Data provided
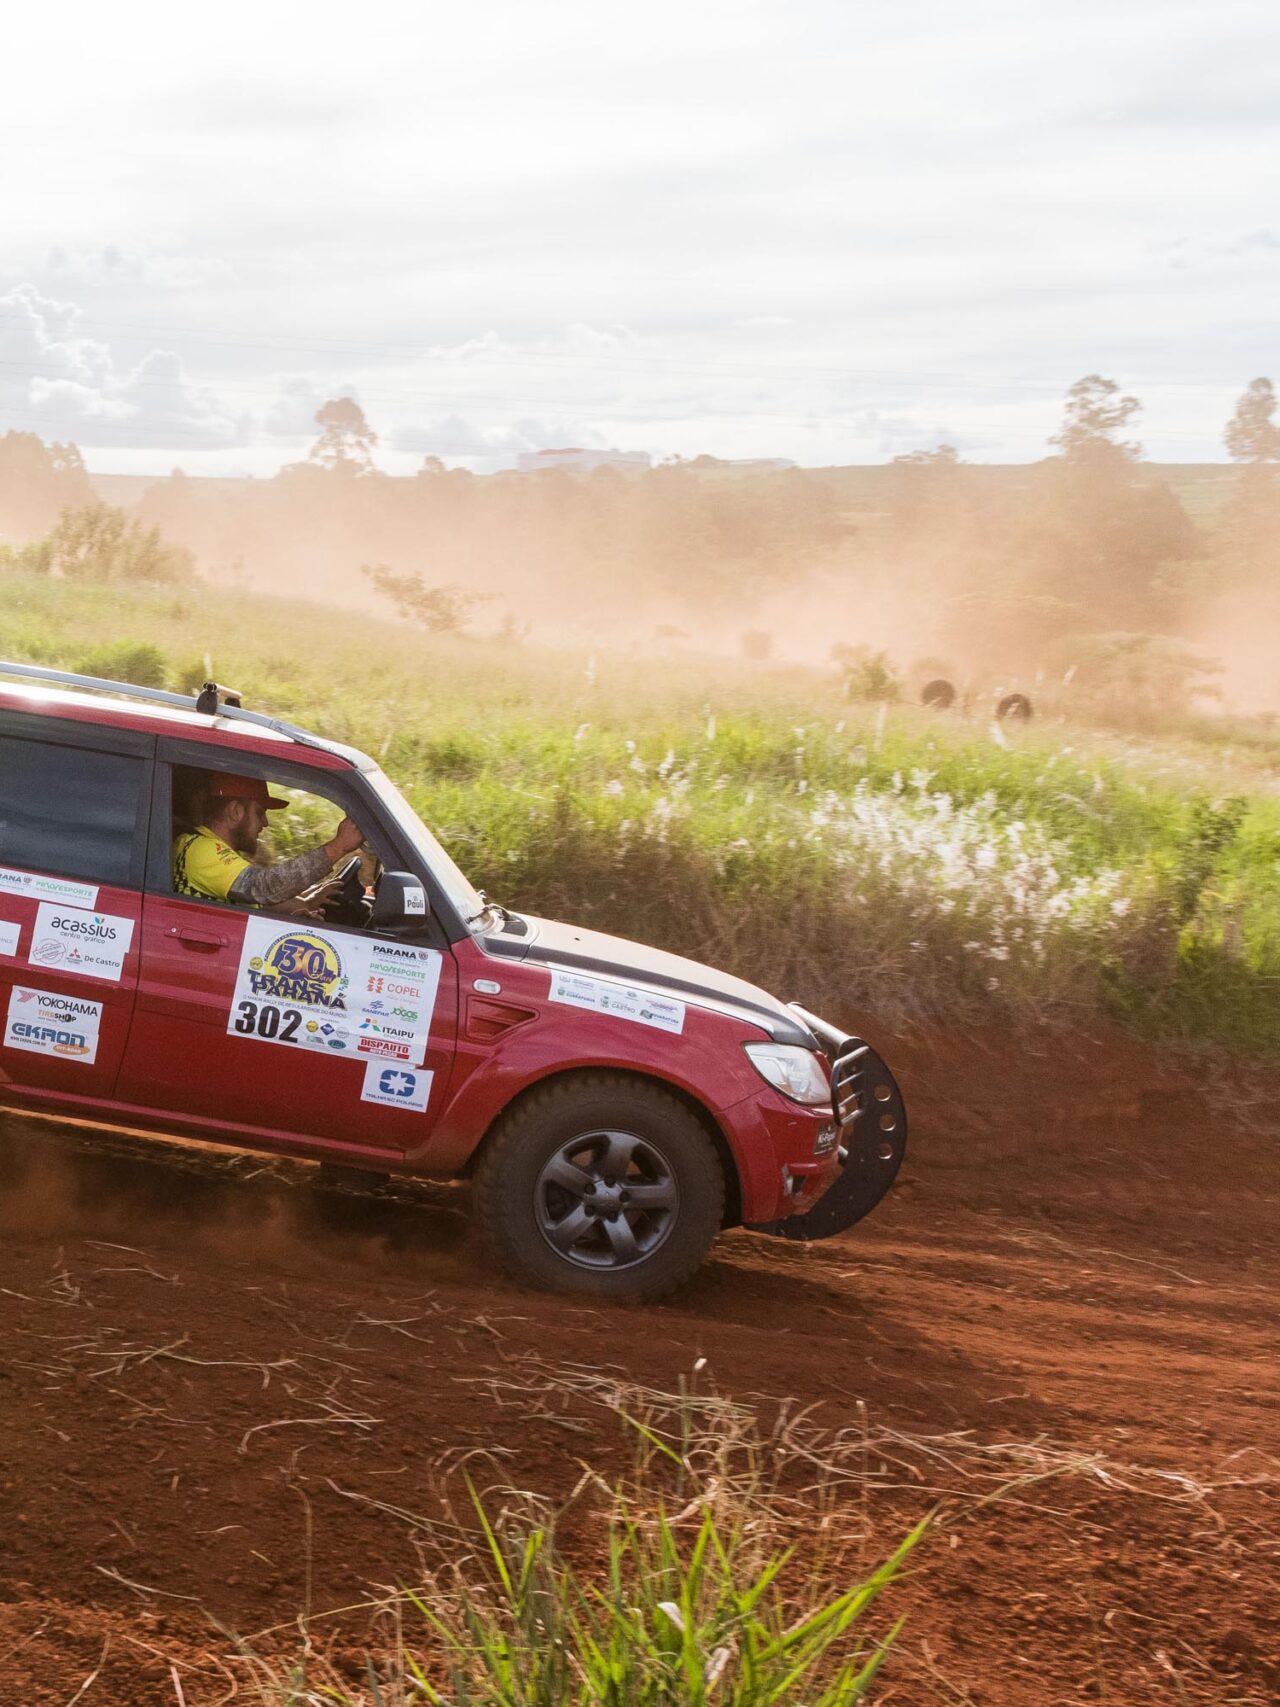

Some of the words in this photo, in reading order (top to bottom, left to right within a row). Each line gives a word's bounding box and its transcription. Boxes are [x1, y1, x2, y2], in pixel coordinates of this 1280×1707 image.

[51, 916, 116, 939] acassius
[60, 931, 80, 940] centro
[84, 955, 94, 964] De
[96, 956, 120, 968] Castro
[278, 943, 326, 980] 30
[248, 968, 327, 991] TRANS
[387, 983, 421, 998] COPEL
[37, 995, 98, 1017] YOKOHAMA
[362, 1007, 389, 1017] SANEPAR
[390, 1006, 418, 1020] JOGOS
[611, 1003, 635, 1013] CASTRO
[235, 1001, 302, 1043] 302
[382, 1026, 415, 1039] ITAIPU
[361, 1038, 409, 1054] DISPAUTO
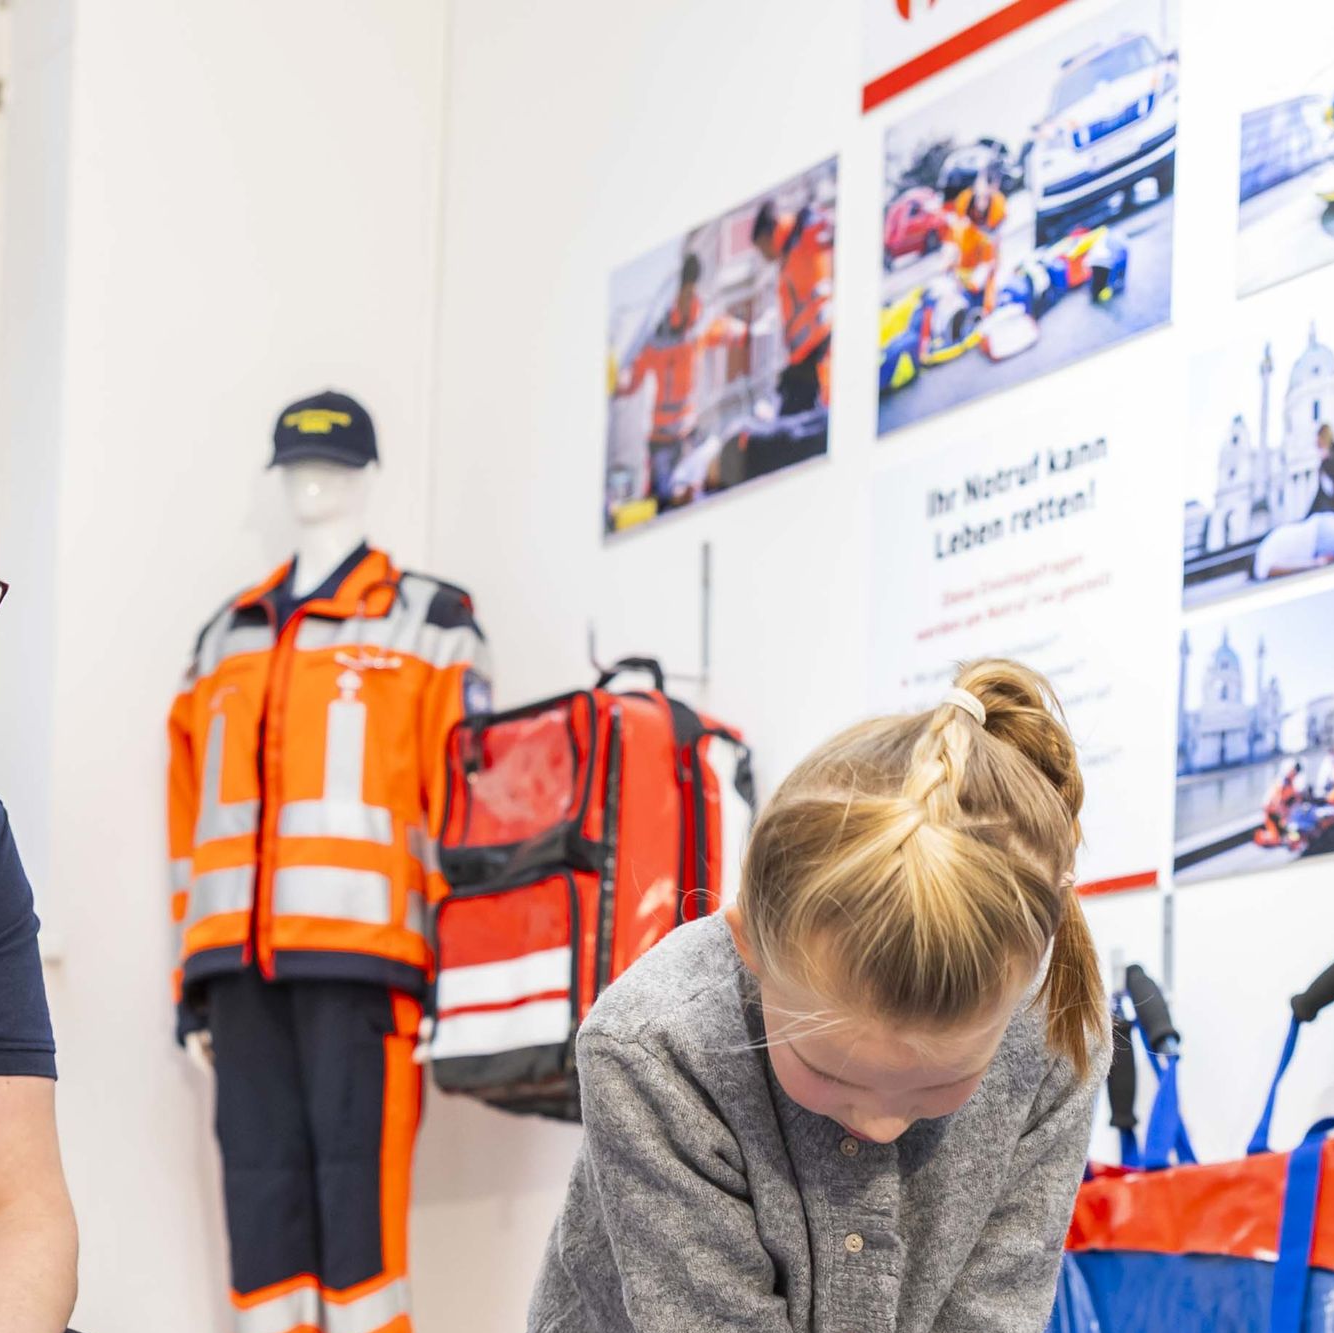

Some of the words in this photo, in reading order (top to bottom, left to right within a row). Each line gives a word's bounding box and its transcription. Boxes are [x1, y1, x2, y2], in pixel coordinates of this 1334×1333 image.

[926, 487, 957, 518] Ihr
[964, 453, 1041, 506] Notruf
[1047, 436, 1108, 475] kann
[934, 517, 1003, 561] Leben
[1010, 477, 1097, 533] retten!
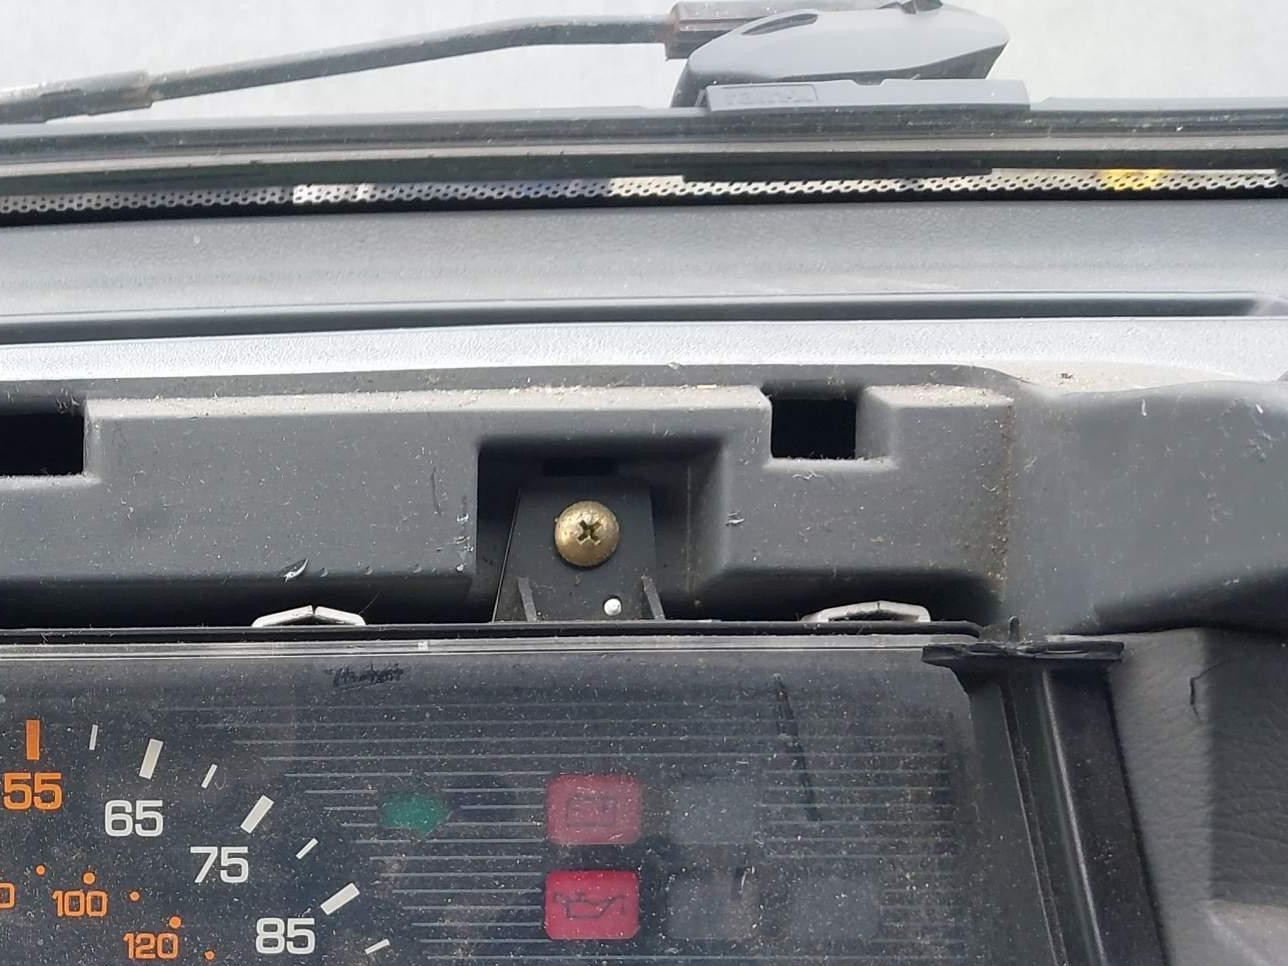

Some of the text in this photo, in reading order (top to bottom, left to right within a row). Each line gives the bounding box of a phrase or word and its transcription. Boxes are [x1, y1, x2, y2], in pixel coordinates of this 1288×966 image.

[2, 772, 64, 812] 55
[103, 799, 164, 838] 65
[189, 845, 250, 884] 75
[52, 890, 109, 918] 100
[123, 932, 179, 960] 120
[255, 917, 316, 955] 85
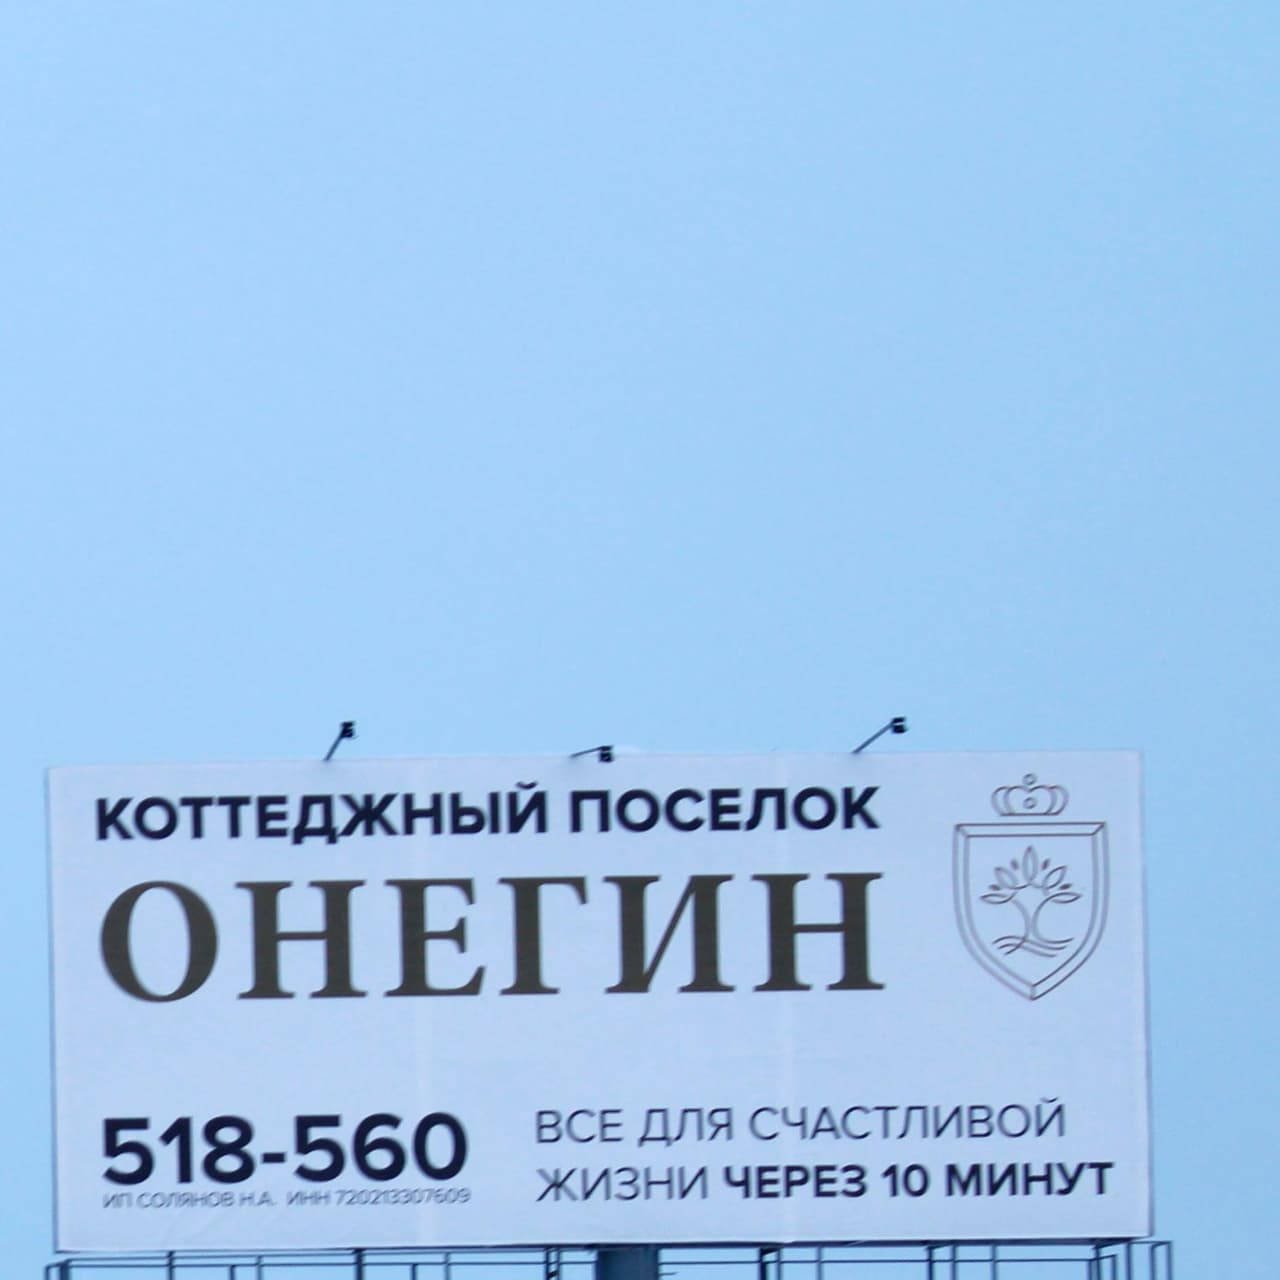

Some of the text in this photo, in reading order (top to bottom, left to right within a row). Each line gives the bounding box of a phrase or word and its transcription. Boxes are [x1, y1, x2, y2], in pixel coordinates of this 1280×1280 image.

Work required
Copy out every line of the material above precisely, omitting the pictures.

Solution
Some of the words in this photo, in reading order (top to bottom, left to right within a row). Each line gives a word's bounding box and its transcription. Boxes are [x1, y1, x2, y2], in pixel coordinates of this 1280×1707 image.

[51, 916, 116, 939] acassius
[60, 931, 80, 940] centro
[84, 955, 94, 964] De
[96, 956, 120, 968] Castro
[278, 943, 326, 980] 30
[248, 968, 327, 991] TRANS
[387, 983, 421, 998] COPEL
[37, 995, 98, 1017] YOKOHAMA
[362, 1007, 389, 1017] SANEPAR
[390, 1006, 418, 1020] JOGOS
[611, 1003, 635, 1013] CASTRO
[235, 1001, 302, 1043] 302
[382, 1026, 415, 1039] ITAIPU
[361, 1038, 409, 1054] DISPAUTO

Some of the words in this photo, in reading order (top to bottom, left to right within a row). Each line gives a word's bounding box and its transcription. Boxes are [x1, y1, x2, y2], in pixel coordinates of this 1334×1333 image.

[926, 487, 957, 518] Ihr
[964, 453, 1041, 506] Notruf
[1047, 436, 1108, 475] kann
[934, 517, 1003, 561] Leben
[1010, 477, 1097, 533] retten!

Some of the text in this photo, in reading order (top to bottom, left to right within a row). Each line gives the bounding box of a phrase or word and its transcription. Boxes are [x1, y1, x2, y2], in pixel coordinates of this 1288×966 image.

[2, 772, 64, 812] 55
[103, 799, 164, 838] 65
[189, 845, 250, 884] 75
[52, 890, 109, 918] 100
[123, 932, 179, 960] 120
[255, 917, 316, 955] 85

Some of the text in this photo, in reading order (top to bottom, left to right within a row). Each line gives the bounding box of a phrase or word and its transcription. Boxes are [x1, y1, x2, y2], in pixel coordinates of this 1280×1280 image.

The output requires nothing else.